Dataset excerpts
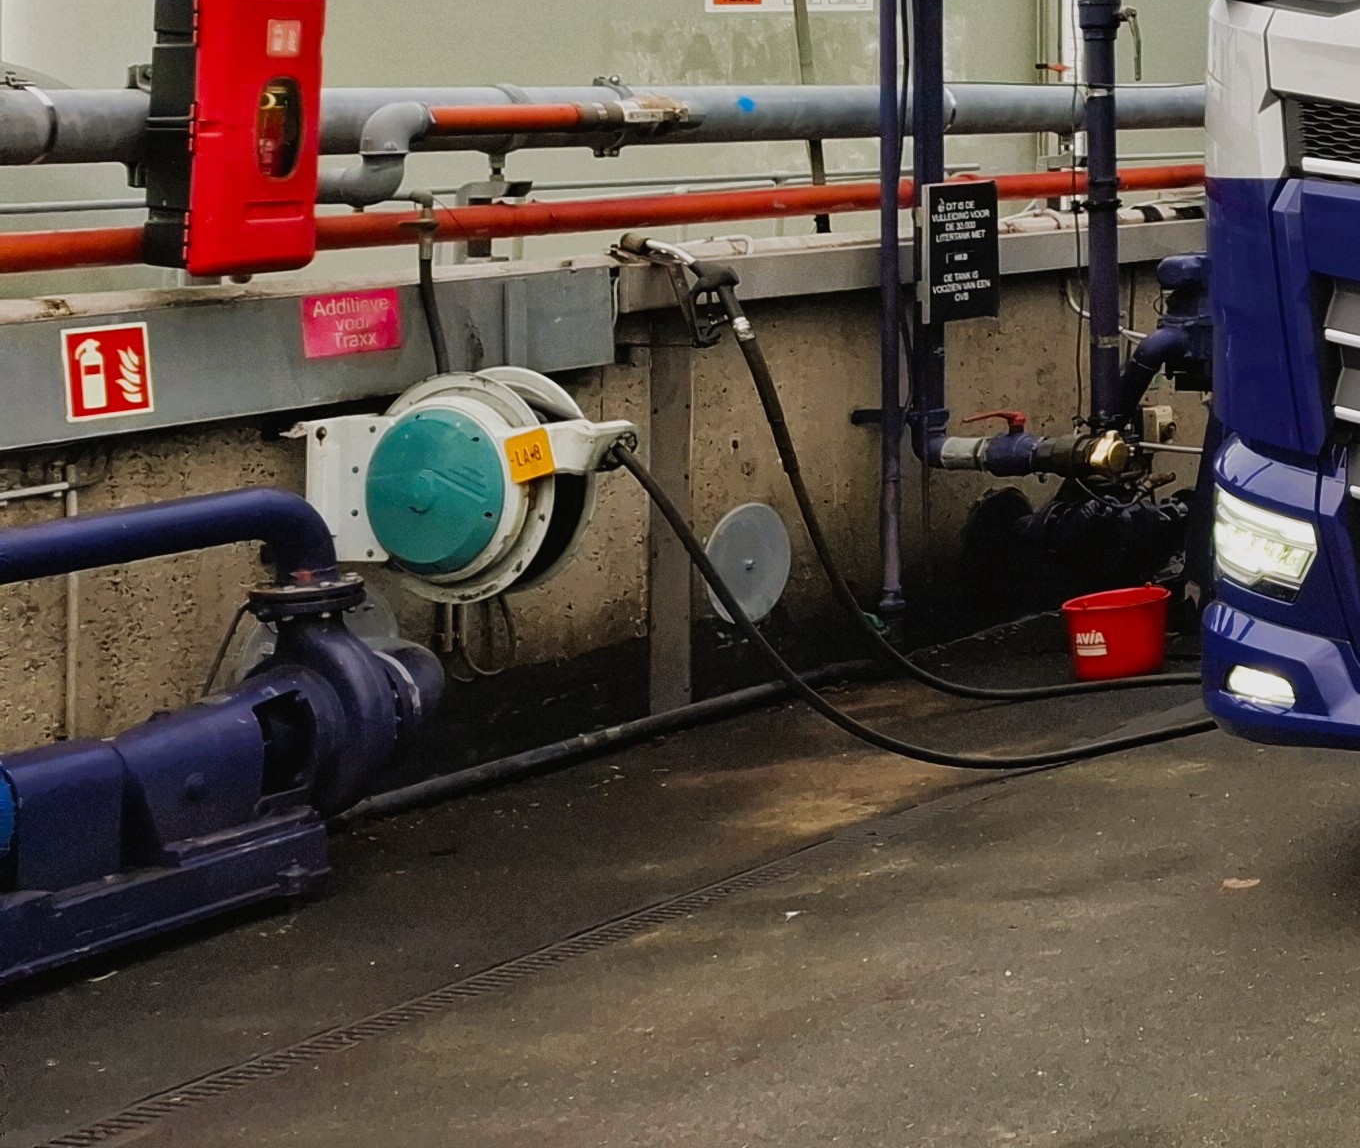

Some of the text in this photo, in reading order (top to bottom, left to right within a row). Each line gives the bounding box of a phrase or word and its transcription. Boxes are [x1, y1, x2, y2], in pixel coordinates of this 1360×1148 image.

[965, 200, 975, 209] DE
[970, 209, 990, 218] VOOR
[945, 222, 956, 232] DE
[943, 273, 954, 283] DE
[312, 297, 389, 318] Additieve
[333, 331, 378, 349] Traxx

YOUR OBJECTIVE
Before duplicating the entries above, strip out the pictures and keep the rest exact.

EXERCISE RESULT
Some of the text in this photo, in reading order (top to bottom, left to right within a row). Each line gives the bounding box of a phrase or word and its transcription. Boxes are [x1, y1, x2, y2], in pixel coordinates of this 1360×1148 image.

[965, 200, 975, 209] DE
[970, 209, 990, 218] VOOR
[945, 222, 956, 232] DE
[943, 273, 954, 283] DE
[312, 297, 389, 318] Additieve
[333, 331, 378, 349] Traxx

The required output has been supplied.